Abdullah, F., Daraz, M., Saeed, K., Ur Rahman, F. ., Uzair, M. ., & Gulnaz, N. . (2021). Genitourinary Anomalies in Patients with Anorectal Malformation. Advances in Basic Medical Sciences, 5(2), 26–30. Retrieved from https://abms.kmu.edu.pk/index.php/abms/article/view/195

Abstract

objective

To determine the frequency of genitourinary abnormalities in patients having anorectal malformations.

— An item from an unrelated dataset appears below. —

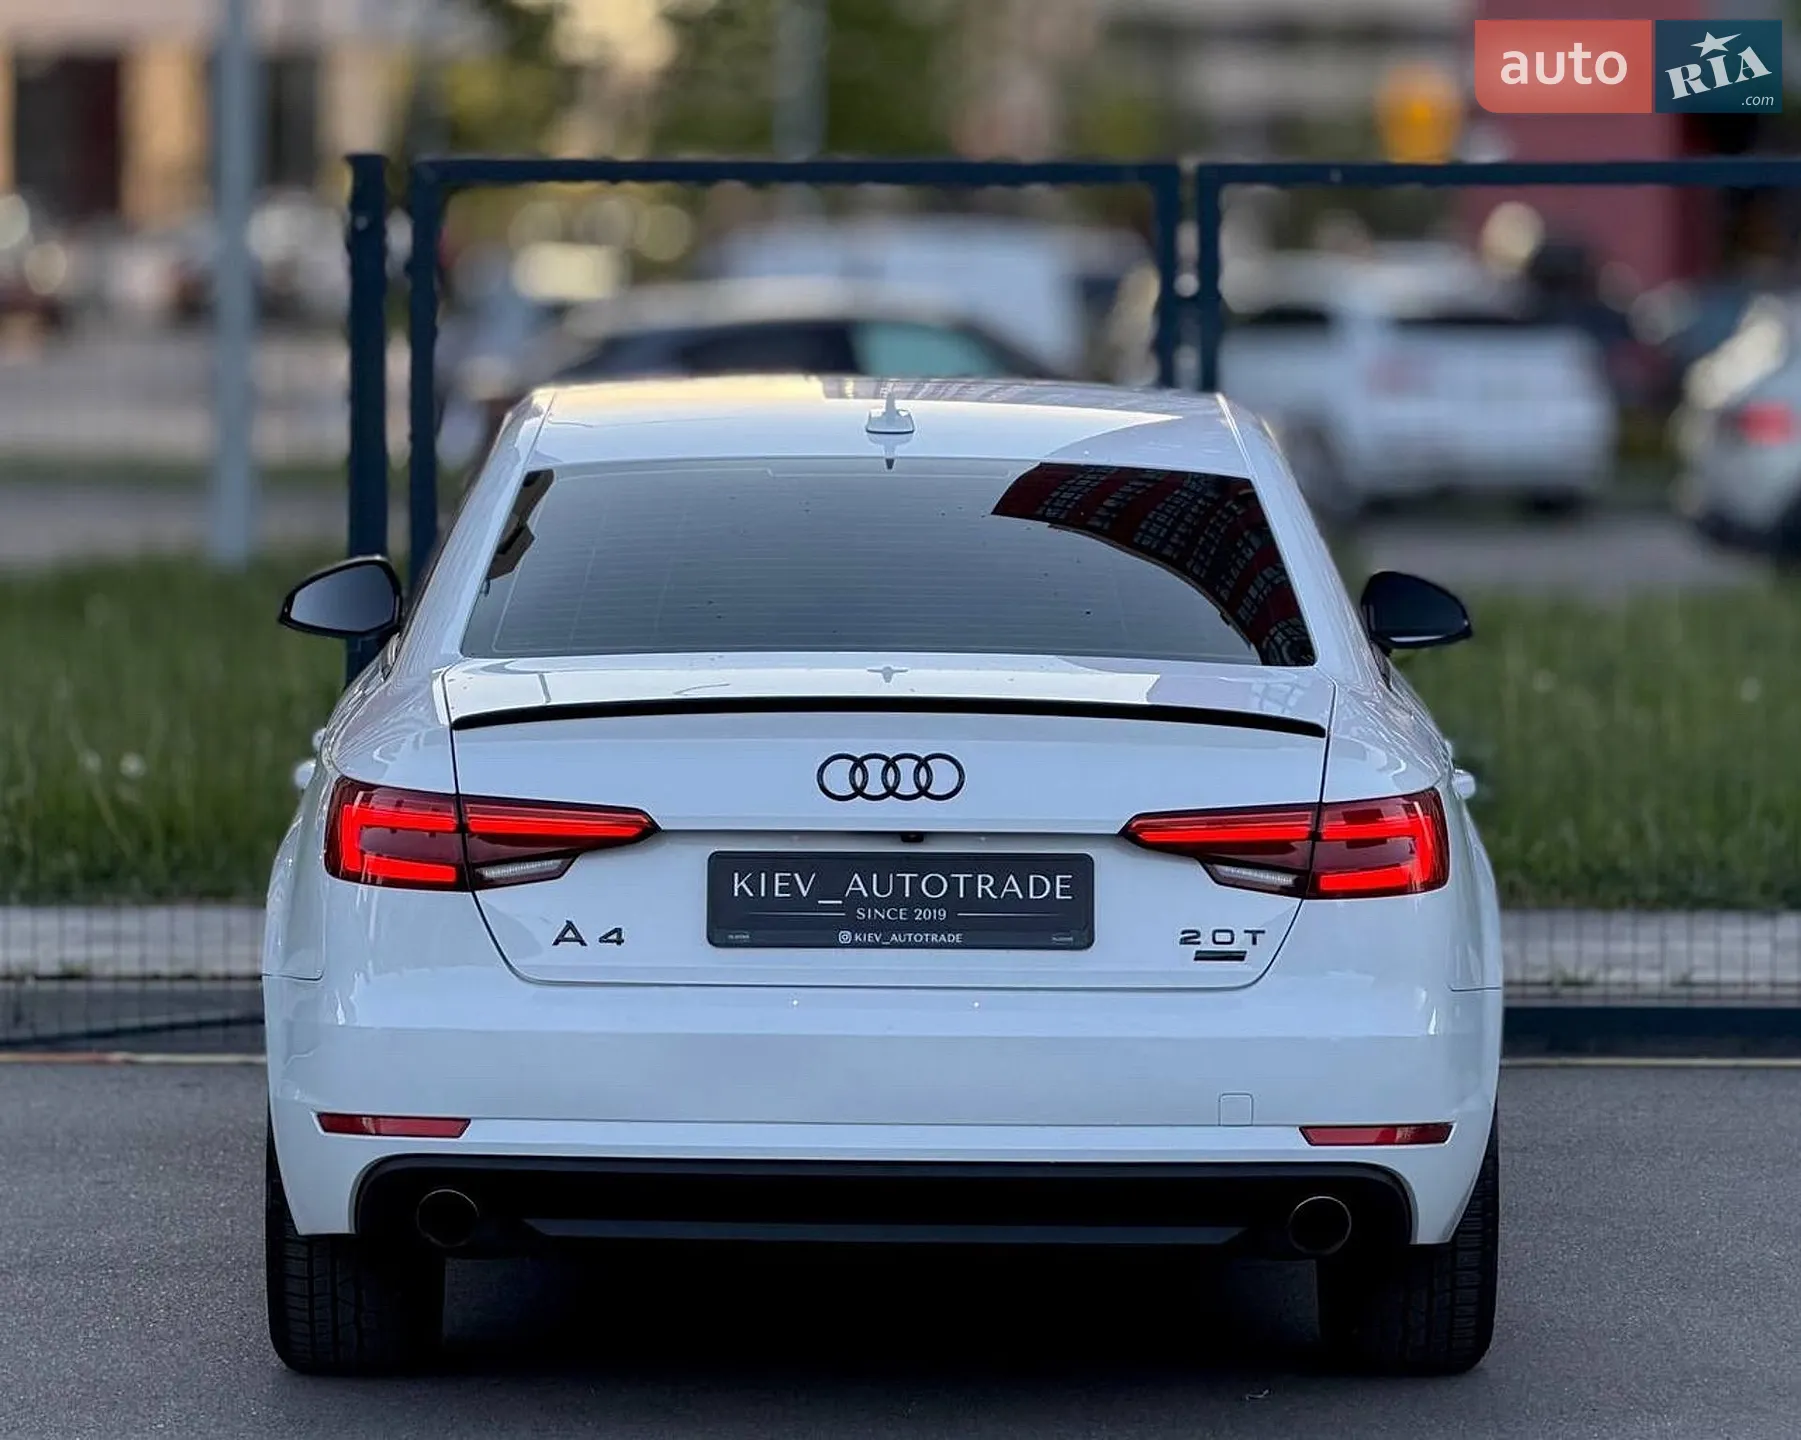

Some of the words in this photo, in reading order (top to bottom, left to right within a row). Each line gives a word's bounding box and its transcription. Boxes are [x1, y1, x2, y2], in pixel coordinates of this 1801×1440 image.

[732, 871, 1074, 904] KIEV_AUTOTRADE
[856, 907, 909, 921] SINCE
[914, 907, 948, 921] 2019
[855, 932, 964, 945] KIEV_AUTOTRADE
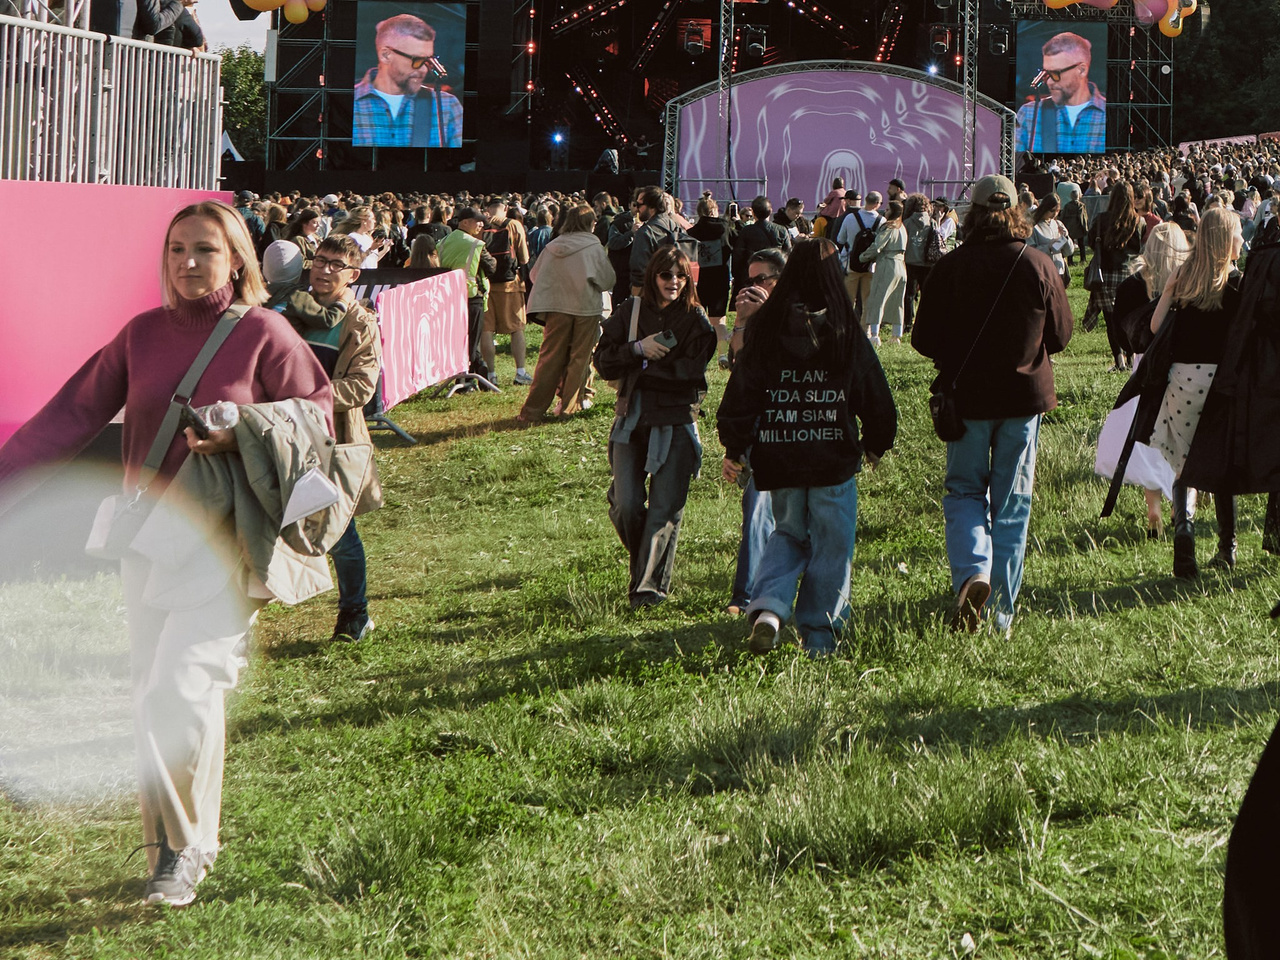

Methodology                                                                                                            

This descriptive cross-sectional study was carried out in the Department of Pediatric Surgery, Khyber Teaching Hospital, Peshawar from August 2017 To February 2018. Any child (both genders) with a clinically apparent diagnosis of anorectal malformation having age 1 month or less (Neonate) was included in the study. Any patient who has undergone any surgical intervention elsewhere for anorectal malformation and cases of intersex or genital ambiguity were excluded. The level of the anorectal lesion was determined by radiographic evaluation. Renal ultrasound and intravenous-pyelography (IVP) and Voiding Cysto-uretherography (VCUG) were performed for urinary tract malformations in all cases with high-level anorectal lesions. In low-level anorectal lesions ultrasound was performed initially with IVP and VCUG performed later if needed to investigate any anomaly (dilated ureters, hydronephrosis) found on ultrasound.

Results

A total of 90 patients were included in this study. There were 68.89% males and females were 31.11%. The male to female ratio was 2.2:1. The average age of the patients was 5.03±6.11 days. The frequency of genitourinary abnormalities among children with anorectal malformations was found in 56(62.82%) patients with vesicoureteric reflux (VUR) being the most common anomaly (23.3%).

Conclusion

Anorectal Malformation patients should be screened for urogenital anomalies. Early detection of the associated anomalies will result in proper management and better outcome.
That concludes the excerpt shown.